I am trying to write a regular expression to select the text I want from a corpus, and then write the extracted text into a dataframe in CSV format.

Here is the code that I used:

import re

import pandas as pd

def main():

    pattern = re.compile(r'(case).(reason)(.+)(})')

    with open('/Users/cleantext.txt', 'r') as f:
        content = f.read()
        matches = pattern.finditer(content)
        for match in matches:
            print(tuple(match.groups()))


    # Create a DF for the expenses
    df = pd.DataFrame(data=[tuple(match.groups())])

    df.to_csv("judgement.csv", index=True)

if __name__ == '__main__':
     main()

However the CSV would only return one line of output:

,0,1,2,3
0,xxx,yyy,zzz,}

where I was expecting multiple lines since the corpus contained at least 100 judicial judgements.

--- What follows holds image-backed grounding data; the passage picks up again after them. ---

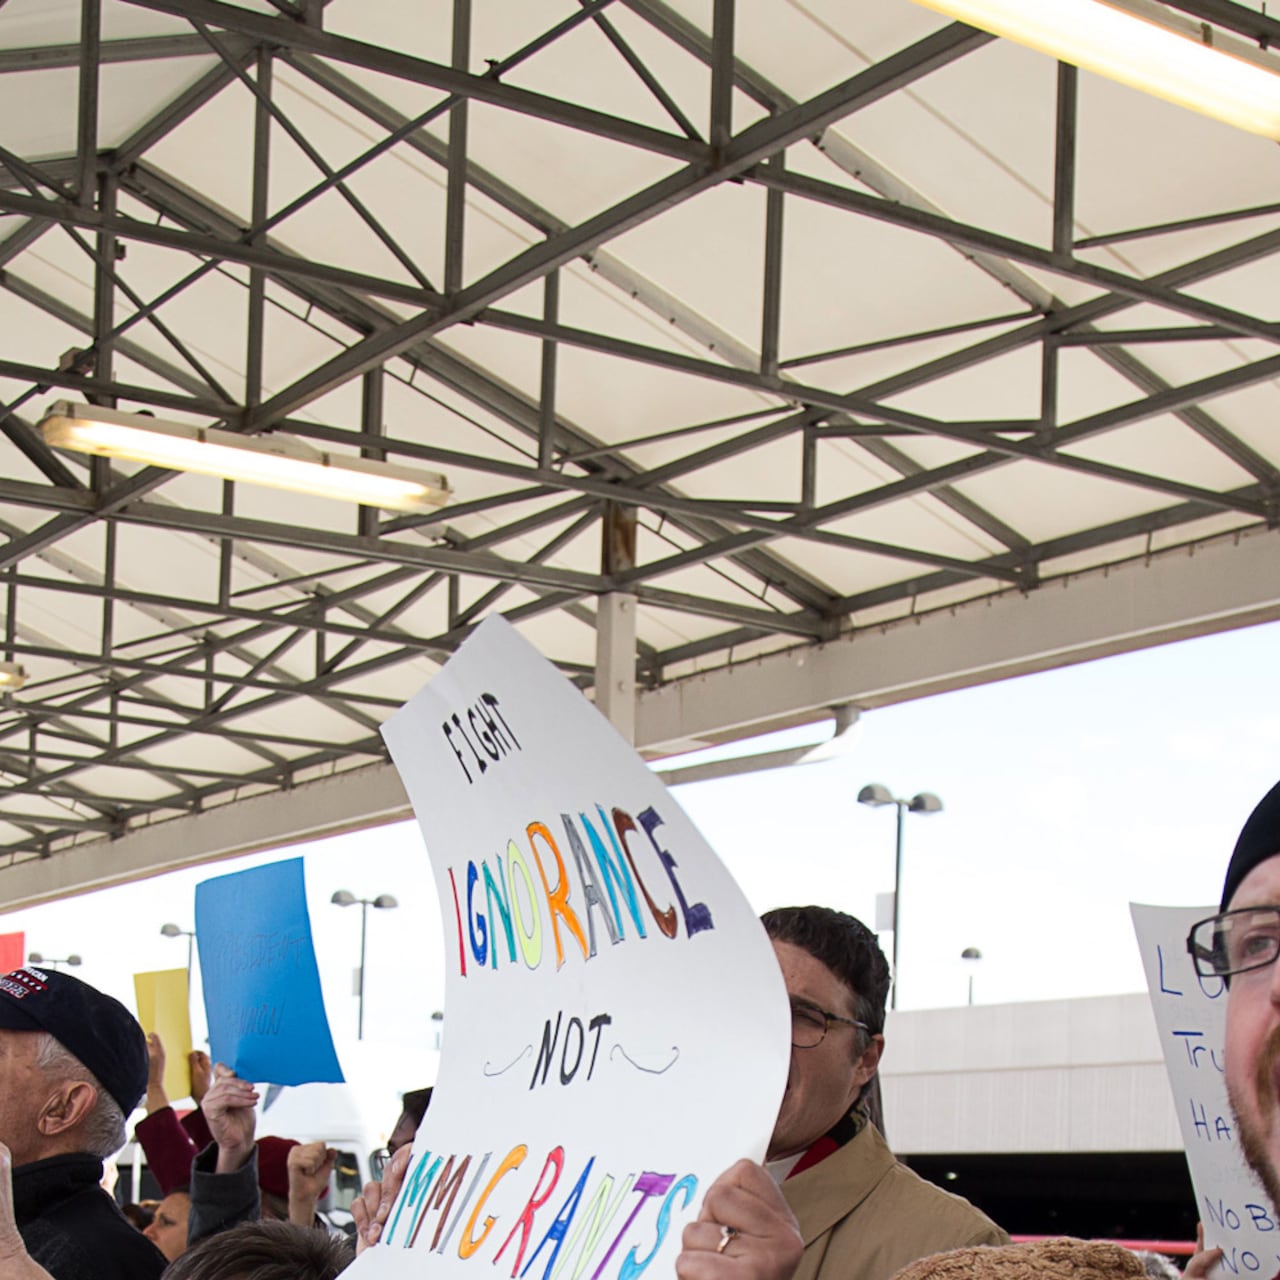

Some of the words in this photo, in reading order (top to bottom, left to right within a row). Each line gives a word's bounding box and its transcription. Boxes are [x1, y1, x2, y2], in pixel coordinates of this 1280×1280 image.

[441, 691, 523, 785] FIGHT
[447, 802, 716, 978] IGNORANCE
[528, 1010, 613, 1091] NOT
[1171, 1030, 1224, 1073] Tru
[1189, 1098, 1231, 1142] HA
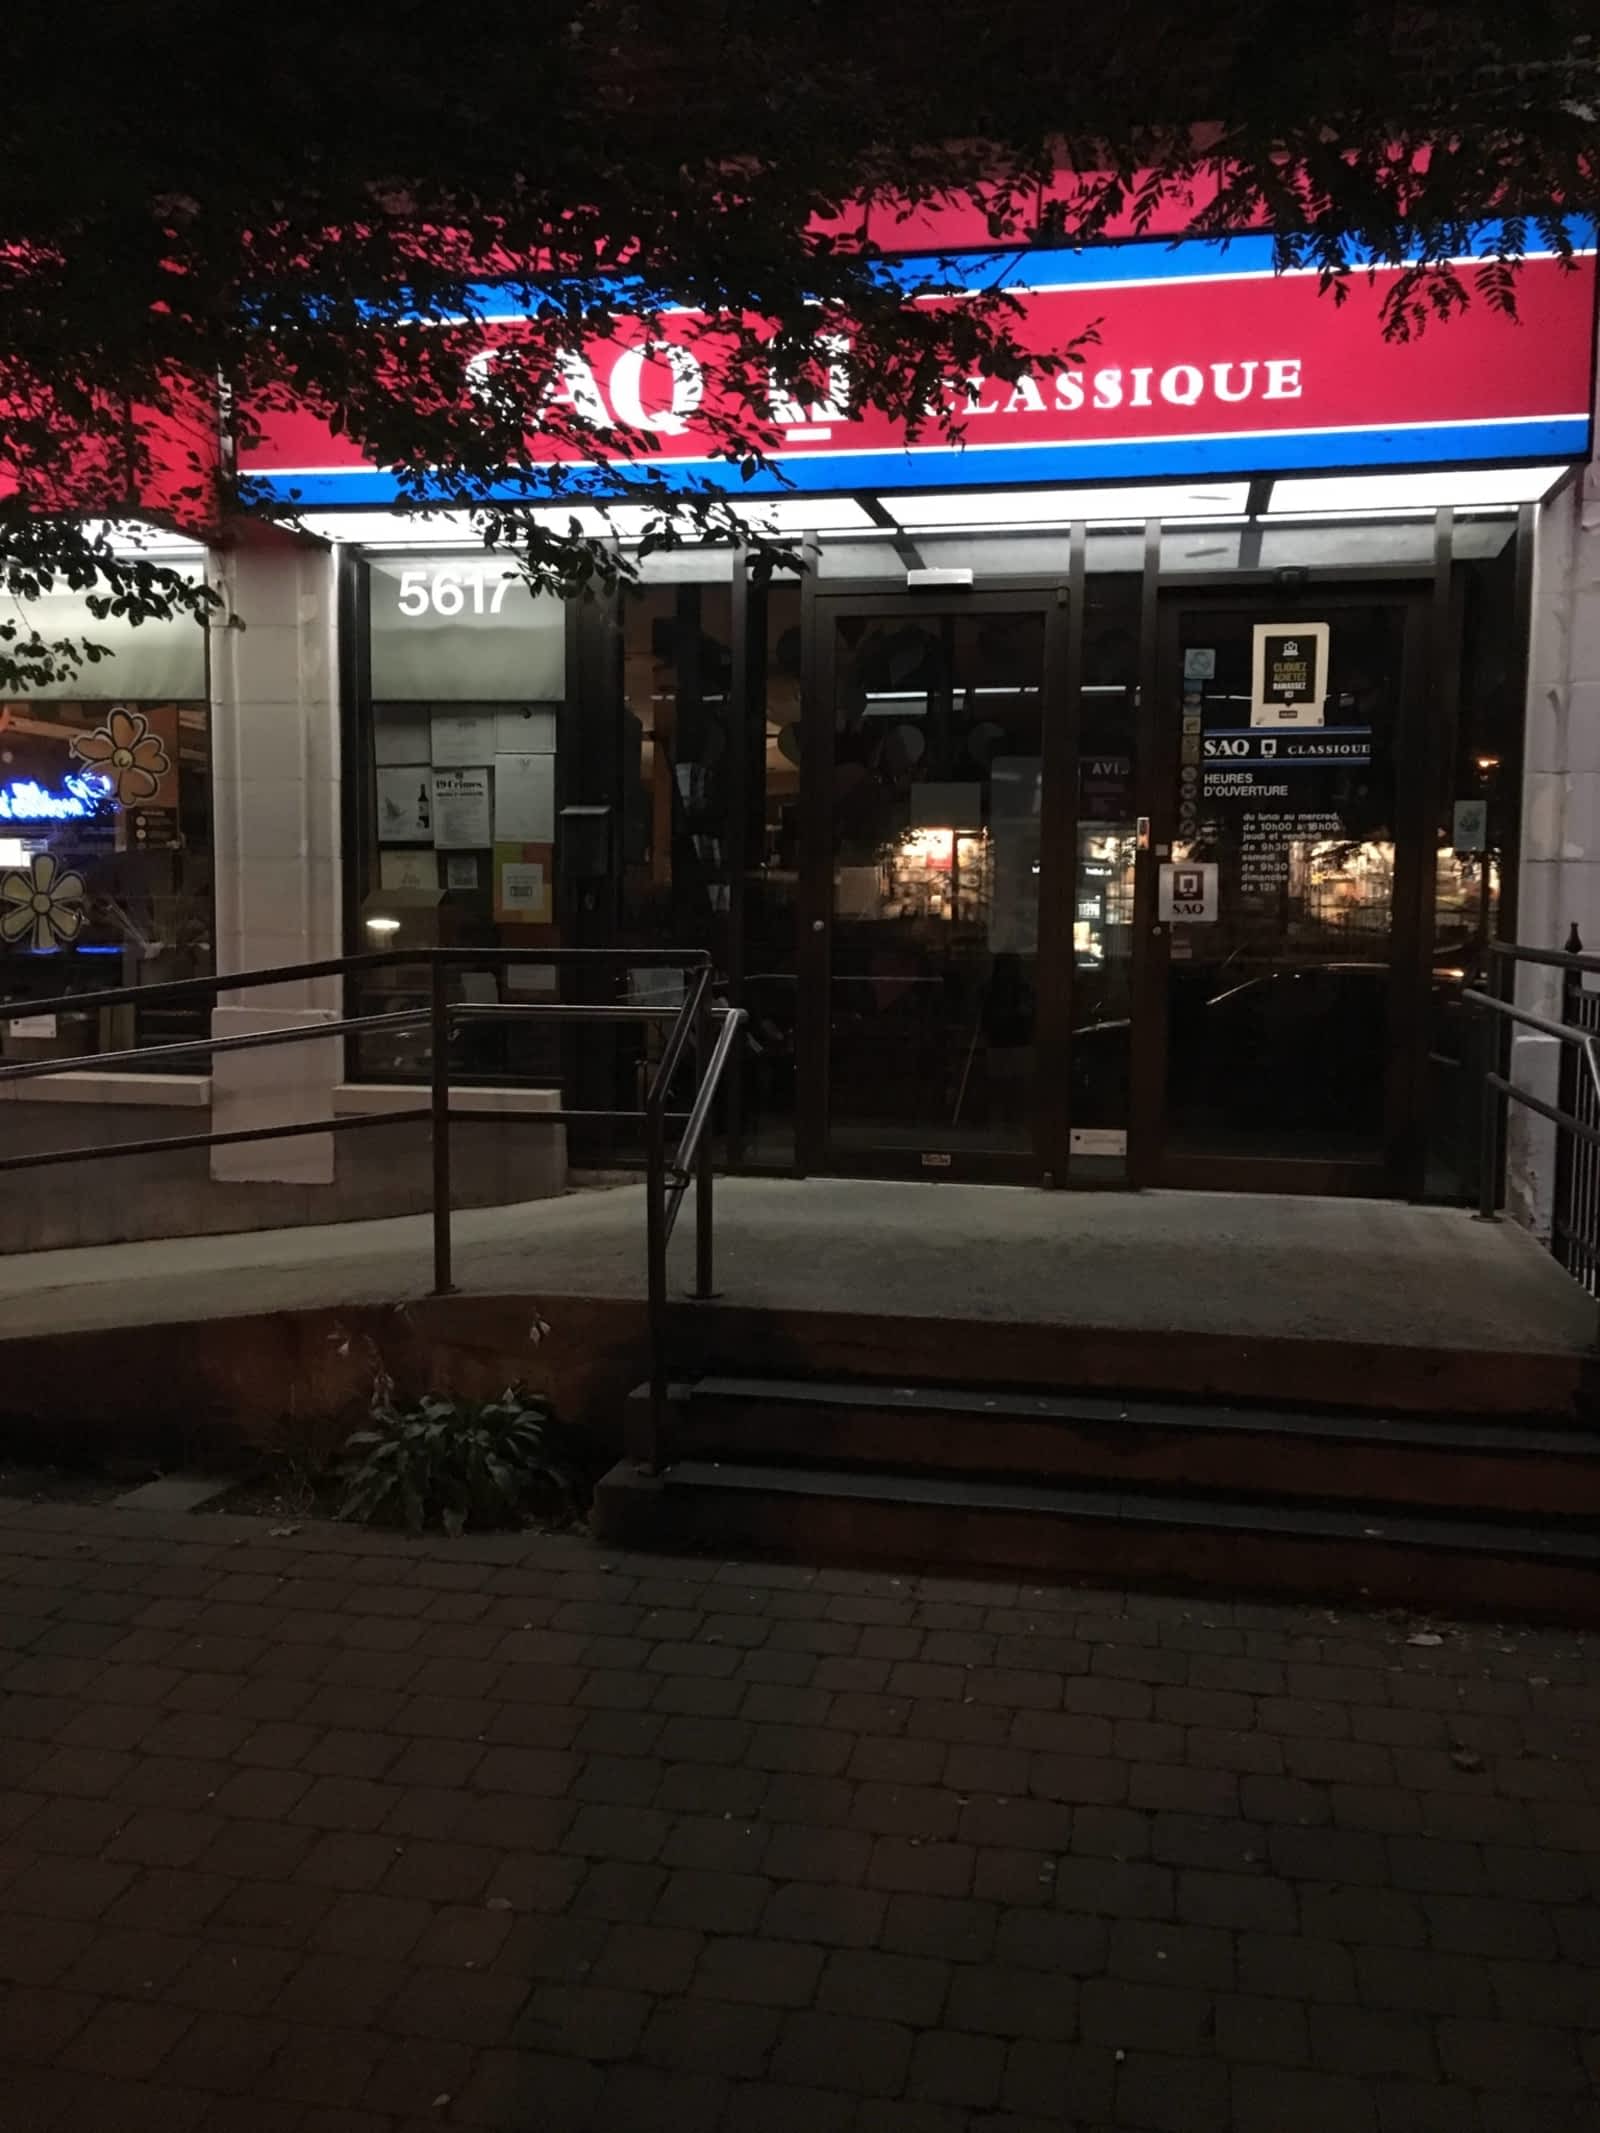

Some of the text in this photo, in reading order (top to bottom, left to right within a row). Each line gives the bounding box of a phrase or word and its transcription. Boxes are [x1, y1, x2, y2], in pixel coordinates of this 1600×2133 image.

the orginal corpus looks something like this:

{mID a9d50454f624         case xxx reason yyy judgement zzz}
{mID a9d5049e34e934bff9b  case xxx reason yyy judgement zzz}
{mID a67c9e34e934bff9b    case xxx reason yyy judgement zzz}

Thank you so much for your help.


Solution

  • You probably need to get the two substrings denoting case and reason from each match. You can use

    pattern = re.compile(r'\bcase\s*(?P<Case>.*?)\s*reason\s*(?P<Reason>.*?)\s*judgement')
    matches = [x.groupdict() for x in pattern.finditer(content)]
    df = pd.DataFrame(matches)
    

    Note the named capturing groups are used to automatically create a column name, the x.groupdict() returns a tuple containing the group name and its value. The [x.groupdict() for x in pattern.finditer(content)] returns a list dictionaries that can be used to populate the dataframe.

    You can also use

    matches = pattern.findall(content)
    df=pd.DataFrame(matches, columns=['Case', 'Reason'])
    

    See the regex demo. Details:

    • \bcase - a whole word case
    • \s* - zero or more whitespaces
    • (?P<Case>.*?) - Group "Case": zero or more chars other than line break chars, as few as possible
    • \s*reason\s* - reason word enclosed with optional whitespaces
    • (?P<Reason>.*?) - Group "Reason": zero or more chars other than line break chars, as few as possible
    • \s*judgement - zero or more whitespaces and then judgement string.